Images for object localization

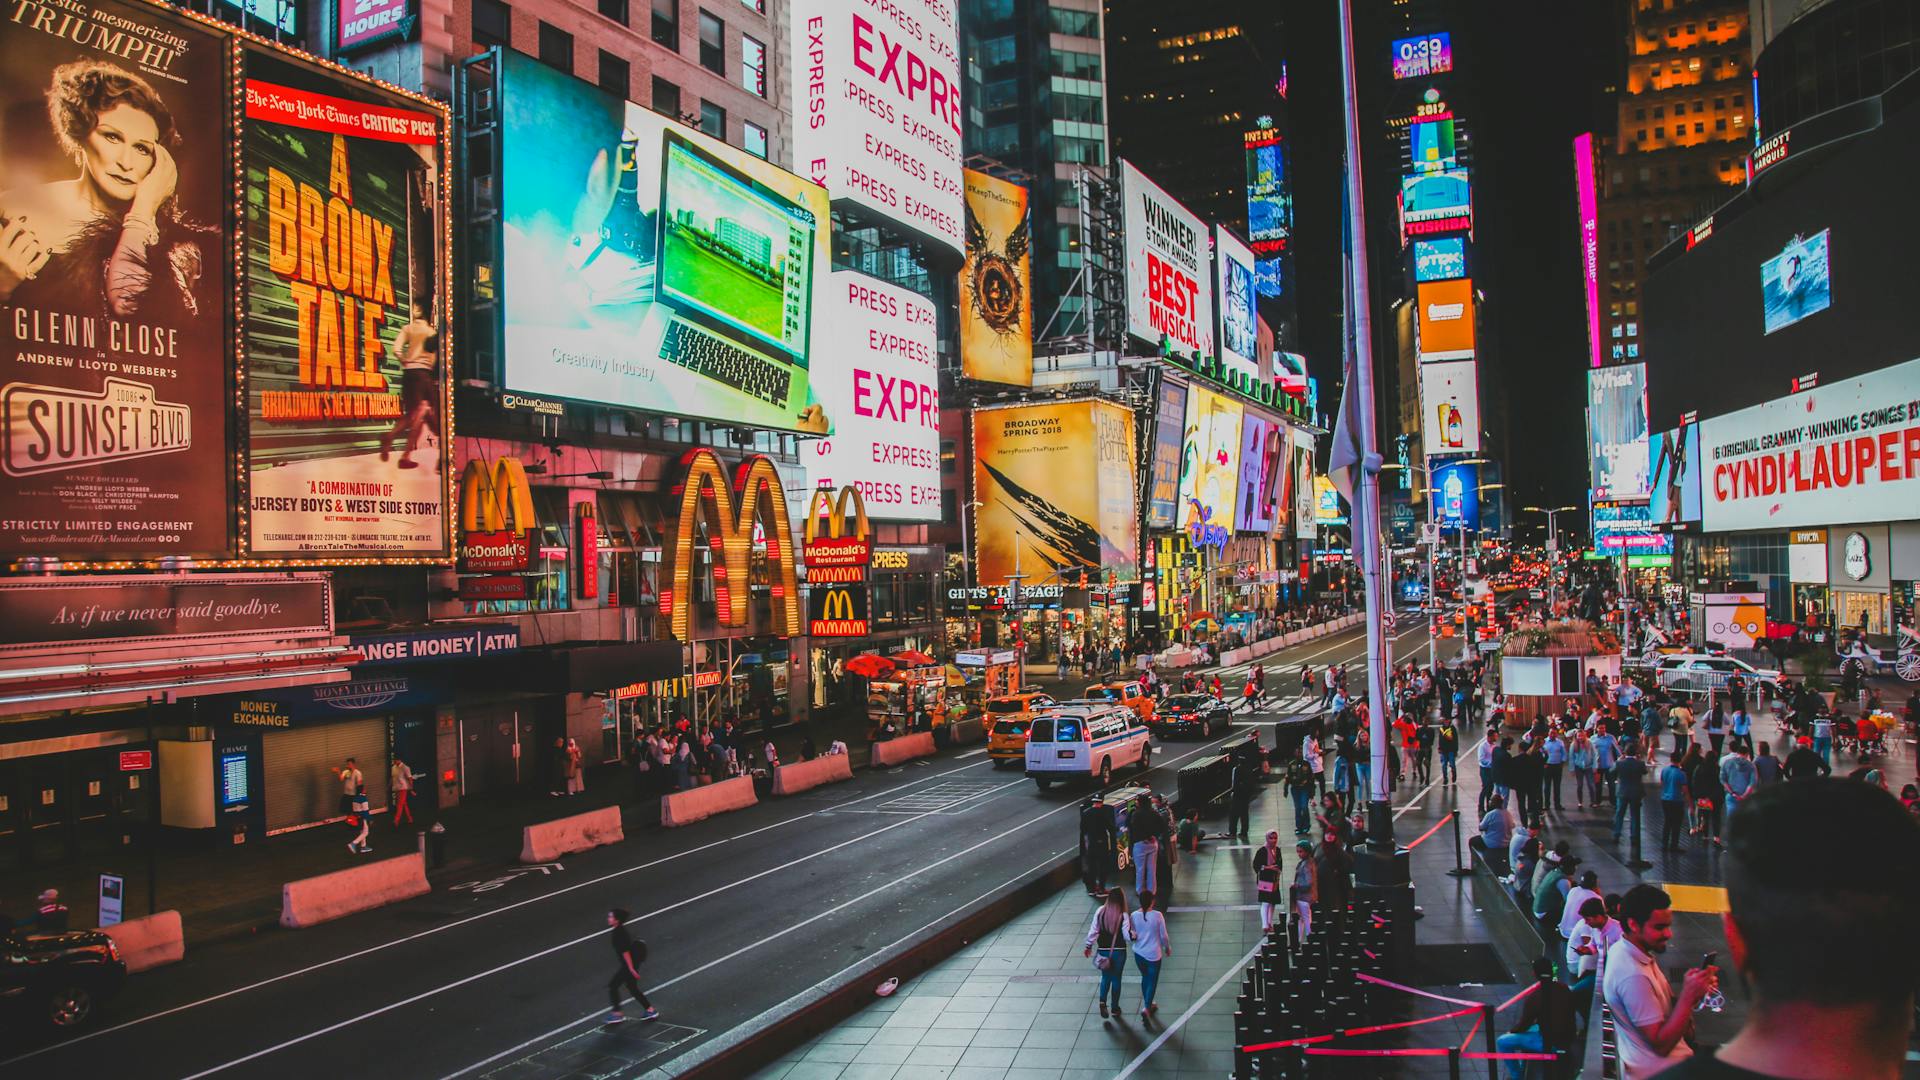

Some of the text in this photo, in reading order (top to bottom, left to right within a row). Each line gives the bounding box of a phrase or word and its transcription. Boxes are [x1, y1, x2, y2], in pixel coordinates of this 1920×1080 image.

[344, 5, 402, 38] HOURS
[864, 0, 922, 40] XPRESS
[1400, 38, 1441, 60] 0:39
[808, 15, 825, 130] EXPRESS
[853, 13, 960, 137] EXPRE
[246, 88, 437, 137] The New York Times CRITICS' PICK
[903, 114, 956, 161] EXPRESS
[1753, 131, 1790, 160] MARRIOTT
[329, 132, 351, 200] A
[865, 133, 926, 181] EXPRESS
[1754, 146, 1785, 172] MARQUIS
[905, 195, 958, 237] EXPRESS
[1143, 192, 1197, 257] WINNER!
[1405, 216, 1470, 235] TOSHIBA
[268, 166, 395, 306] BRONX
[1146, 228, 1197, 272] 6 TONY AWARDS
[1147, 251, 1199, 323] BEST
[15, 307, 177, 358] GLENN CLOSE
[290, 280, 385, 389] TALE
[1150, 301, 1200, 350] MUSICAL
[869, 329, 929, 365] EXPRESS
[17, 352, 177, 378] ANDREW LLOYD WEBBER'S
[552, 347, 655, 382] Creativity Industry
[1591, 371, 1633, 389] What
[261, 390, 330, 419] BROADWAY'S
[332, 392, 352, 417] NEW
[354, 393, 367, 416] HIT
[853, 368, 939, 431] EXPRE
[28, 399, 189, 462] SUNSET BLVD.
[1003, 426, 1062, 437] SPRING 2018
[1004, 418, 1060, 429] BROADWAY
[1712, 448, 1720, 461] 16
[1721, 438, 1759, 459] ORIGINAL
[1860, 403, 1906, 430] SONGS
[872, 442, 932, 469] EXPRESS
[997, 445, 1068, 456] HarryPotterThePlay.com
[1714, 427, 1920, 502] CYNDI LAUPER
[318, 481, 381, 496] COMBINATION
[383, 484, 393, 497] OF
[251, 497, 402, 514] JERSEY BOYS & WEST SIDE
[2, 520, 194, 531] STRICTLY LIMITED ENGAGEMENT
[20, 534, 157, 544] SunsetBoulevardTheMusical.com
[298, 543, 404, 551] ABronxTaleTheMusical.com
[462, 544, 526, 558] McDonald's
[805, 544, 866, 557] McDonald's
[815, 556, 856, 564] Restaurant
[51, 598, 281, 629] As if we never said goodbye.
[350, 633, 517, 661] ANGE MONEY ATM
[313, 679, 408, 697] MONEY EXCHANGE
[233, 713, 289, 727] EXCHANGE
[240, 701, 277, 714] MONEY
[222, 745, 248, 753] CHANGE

:: Action item ::
Set down all of the data word for word; no pictures belong in it.

:: Reply ::
Some of the text in this photo, in reading order (top to bottom, left to right within a row). Each line gives the bounding box of a phrase or word and its transcription. Boxes are [x1, y1, x2, y2], in pixel coordinates of this 1920×1080 image.

[344, 5, 402, 38] HOURS
[864, 0, 922, 40] XPRESS
[1400, 38, 1441, 60] 0:39
[808, 15, 825, 130] EXPRESS
[853, 13, 960, 137] EXPRE
[246, 88, 437, 137] The New York Times CRITICS' PICK
[903, 114, 956, 161] EXPRESS
[1753, 131, 1790, 160] MARRIOTT
[329, 132, 351, 200] A
[865, 133, 926, 181] EXPRESS
[1754, 146, 1785, 172] MARQUIS
[905, 195, 958, 237] EXPRESS
[1143, 192, 1197, 257] WINNER!
[1405, 216, 1470, 235] TOSHIBA
[268, 166, 395, 306] BRONX
[1146, 228, 1197, 272] 6 TONY AWARDS
[1147, 251, 1199, 323] BEST
[15, 307, 177, 358] GLENN CLOSE
[290, 280, 385, 389] TALE
[1150, 301, 1200, 350] MUSICAL
[869, 329, 929, 365] EXPRESS
[17, 352, 177, 378] ANDREW LLOYD WEBBER'S
[552, 347, 655, 382] Creativity Industry
[1591, 371, 1633, 389] What
[261, 390, 330, 419] BROADWAY'S
[332, 392, 352, 417] NEW
[354, 393, 367, 416] HIT
[853, 368, 939, 431] EXPRE
[28, 399, 189, 462] SUNSET BLVD.
[1003, 426, 1062, 437] SPRING 2018
[1004, 418, 1060, 429] BROADWAY
[1712, 448, 1720, 461] 16
[1721, 438, 1759, 459] ORIGINAL
[1860, 403, 1906, 430] SONGS
[872, 442, 932, 469] EXPRESS
[997, 445, 1068, 456] HarryPotterThePlay.com
[1714, 427, 1920, 502] CYNDI LAUPER
[318, 481, 381, 496] COMBINATION
[383, 484, 393, 497] OF
[251, 497, 402, 514] JERSEY BOYS & WEST SIDE
[2, 520, 194, 531] STRICTLY LIMITED ENGAGEMENT
[20, 534, 157, 544] SunsetBoulevardTheMusical.com
[298, 543, 404, 551] ABronxTaleTheMusical.com
[462, 544, 526, 558] McDonald's
[805, 544, 866, 557] McDonald's
[815, 556, 856, 564] Restaurant
[51, 598, 281, 629] As if we never said goodbye.
[350, 633, 517, 661] ANGE MONEY ATM
[313, 679, 408, 697] MONEY EXCHANGE
[233, 713, 289, 727] EXCHANGE
[240, 701, 277, 714] MONEY
[222, 745, 248, 753] CHANGE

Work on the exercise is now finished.